What is needed is an exact transcription of every record below.

** SUPPLIED DATA follows **

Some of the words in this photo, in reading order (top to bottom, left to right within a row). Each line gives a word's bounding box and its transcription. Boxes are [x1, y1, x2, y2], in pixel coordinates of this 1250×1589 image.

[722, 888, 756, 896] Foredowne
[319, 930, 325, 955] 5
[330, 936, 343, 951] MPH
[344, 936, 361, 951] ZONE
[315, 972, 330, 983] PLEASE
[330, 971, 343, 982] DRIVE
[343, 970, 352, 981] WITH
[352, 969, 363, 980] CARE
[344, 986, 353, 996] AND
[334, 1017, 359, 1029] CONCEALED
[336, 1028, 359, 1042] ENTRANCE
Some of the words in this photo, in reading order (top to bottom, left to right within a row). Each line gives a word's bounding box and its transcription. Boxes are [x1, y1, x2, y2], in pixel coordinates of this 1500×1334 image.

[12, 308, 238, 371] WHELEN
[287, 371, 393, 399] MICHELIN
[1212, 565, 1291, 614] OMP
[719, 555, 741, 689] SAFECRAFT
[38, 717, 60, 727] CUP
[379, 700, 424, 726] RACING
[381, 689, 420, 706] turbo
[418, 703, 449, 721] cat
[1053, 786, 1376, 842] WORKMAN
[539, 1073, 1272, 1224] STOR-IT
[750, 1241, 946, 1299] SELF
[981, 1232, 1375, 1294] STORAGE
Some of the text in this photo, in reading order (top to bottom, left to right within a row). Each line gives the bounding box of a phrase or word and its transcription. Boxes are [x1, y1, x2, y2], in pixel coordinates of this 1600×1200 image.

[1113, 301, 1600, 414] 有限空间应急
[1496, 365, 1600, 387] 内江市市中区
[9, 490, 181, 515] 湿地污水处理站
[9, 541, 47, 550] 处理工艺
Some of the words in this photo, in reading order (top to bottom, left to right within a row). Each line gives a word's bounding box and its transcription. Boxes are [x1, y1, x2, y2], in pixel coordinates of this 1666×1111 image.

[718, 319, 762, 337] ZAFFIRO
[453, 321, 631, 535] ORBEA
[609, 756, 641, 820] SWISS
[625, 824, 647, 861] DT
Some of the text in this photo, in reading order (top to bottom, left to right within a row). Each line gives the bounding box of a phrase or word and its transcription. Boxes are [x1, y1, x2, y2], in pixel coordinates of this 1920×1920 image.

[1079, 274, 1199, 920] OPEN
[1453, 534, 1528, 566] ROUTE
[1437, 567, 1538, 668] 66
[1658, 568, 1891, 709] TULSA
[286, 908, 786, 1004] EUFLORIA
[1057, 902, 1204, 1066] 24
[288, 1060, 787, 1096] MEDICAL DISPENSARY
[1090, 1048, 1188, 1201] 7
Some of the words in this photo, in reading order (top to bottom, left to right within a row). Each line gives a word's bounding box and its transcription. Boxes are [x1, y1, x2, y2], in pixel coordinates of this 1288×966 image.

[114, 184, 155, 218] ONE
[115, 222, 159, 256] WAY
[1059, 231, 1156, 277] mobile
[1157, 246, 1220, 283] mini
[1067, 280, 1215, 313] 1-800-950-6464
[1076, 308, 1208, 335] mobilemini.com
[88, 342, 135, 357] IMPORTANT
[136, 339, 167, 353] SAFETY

** End of SUPPLIED DATA **

§ **TASK RESULT**:
Some of the words in this photo, in reading order (top to bottom, left to right within a row). Each line gives a word's bounding box and its transcription. Boxes are [x1, y1, x2, y2], in pixel coordinates of this 1250×1589 image.

[722, 888, 756, 896] Foredowne
[319, 930, 325, 955] 5
[330, 936, 343, 951] MPH
[344, 936, 361, 951] ZONE
[315, 972, 330, 983] PLEASE
[330, 971, 343, 982] DRIVE
[343, 970, 352, 981] WITH
[352, 969, 363, 980] CARE
[344, 986, 353, 996] AND
[334, 1017, 359, 1029] CONCEALED
[336, 1028, 359, 1042] ENTRANCE
Some of the words in this photo, in reading order (top to bottom, left to right within a row). Each line gives a word's bounding box and its transcription. Boxes are [x1, y1, x2, y2], in pixel coordinates of this 1500×1334 image.

[12, 308, 238, 371] WHELEN
[287, 371, 393, 399] MICHELIN
[1212, 565, 1291, 614] OMP
[719, 555, 741, 689] SAFECRAFT
[38, 717, 60, 727] CUP
[379, 700, 424, 726] RACING
[381, 689, 420, 706] turbo
[418, 703, 449, 721] cat
[1053, 786, 1376, 842] WORKMAN
[539, 1073, 1272, 1224] STOR-IT
[750, 1241, 946, 1299] SELF
[981, 1232, 1375, 1294] STORAGE
Some of the text in this photo, in reading order (top to bottom, left to right within a row). Each line gives the bounding box of a phrase or word and its transcription. Boxes are [x1, y1, x2, y2], in pixel coordinates of this 1600×1200 image.

[1113, 301, 1600, 414] 有限空间应急
[1496, 365, 1600, 387] 内江市市中区
[9, 490, 181, 515] 湿地污水处理站
[9, 541, 47, 550] 处理工艺
Some of the words in this photo, in reading order (top to bottom, left to right within a row). Each line gives a word's bounding box and its transcription. Boxes are [x1, y1, x2, y2], in pixel coordinates of this 1666×1111 image.

[718, 319, 762, 337] ZAFFIRO
[453, 321, 631, 535] ORBEA
[609, 756, 641, 820] SWISS
[625, 824, 647, 861] DT
Some of the text in this photo, in reading order (top to bottom, left to right within a row). Each line gives the bounding box of a phrase or word and its transcription. Boxes are [x1, y1, x2, y2], in pixel coordinates of this 1920×1920 image.

[1079, 274, 1199, 920] OPEN
[1453, 534, 1528, 566] ROUTE
[1437, 567, 1538, 668] 66
[1658, 568, 1891, 709] TULSA
[286, 908, 786, 1004] EUFLORIA
[1057, 902, 1204, 1066] 24
[288, 1060, 787, 1096] MEDICAL DISPENSARY
[1090, 1048, 1188, 1201] 7
Some of the words in this photo, in reading order (top to bottom, left to right within a row). Each line gives a word's bounding box and its transcription. Boxes are [x1, y1, x2, y2], in pixel coordinates of this 1288×966 image.

[114, 184, 155, 218] ONE
[115, 222, 159, 256] WAY
[1059, 231, 1156, 277] mobile
[1157, 246, 1220, 283] mini
[1067, 280, 1215, 313] 1-800-950-6464
[1076, 308, 1208, 335] mobilemini.com
[88, 342, 135, 357] IMPORTANT
[136, 339, 167, 353] SAFETY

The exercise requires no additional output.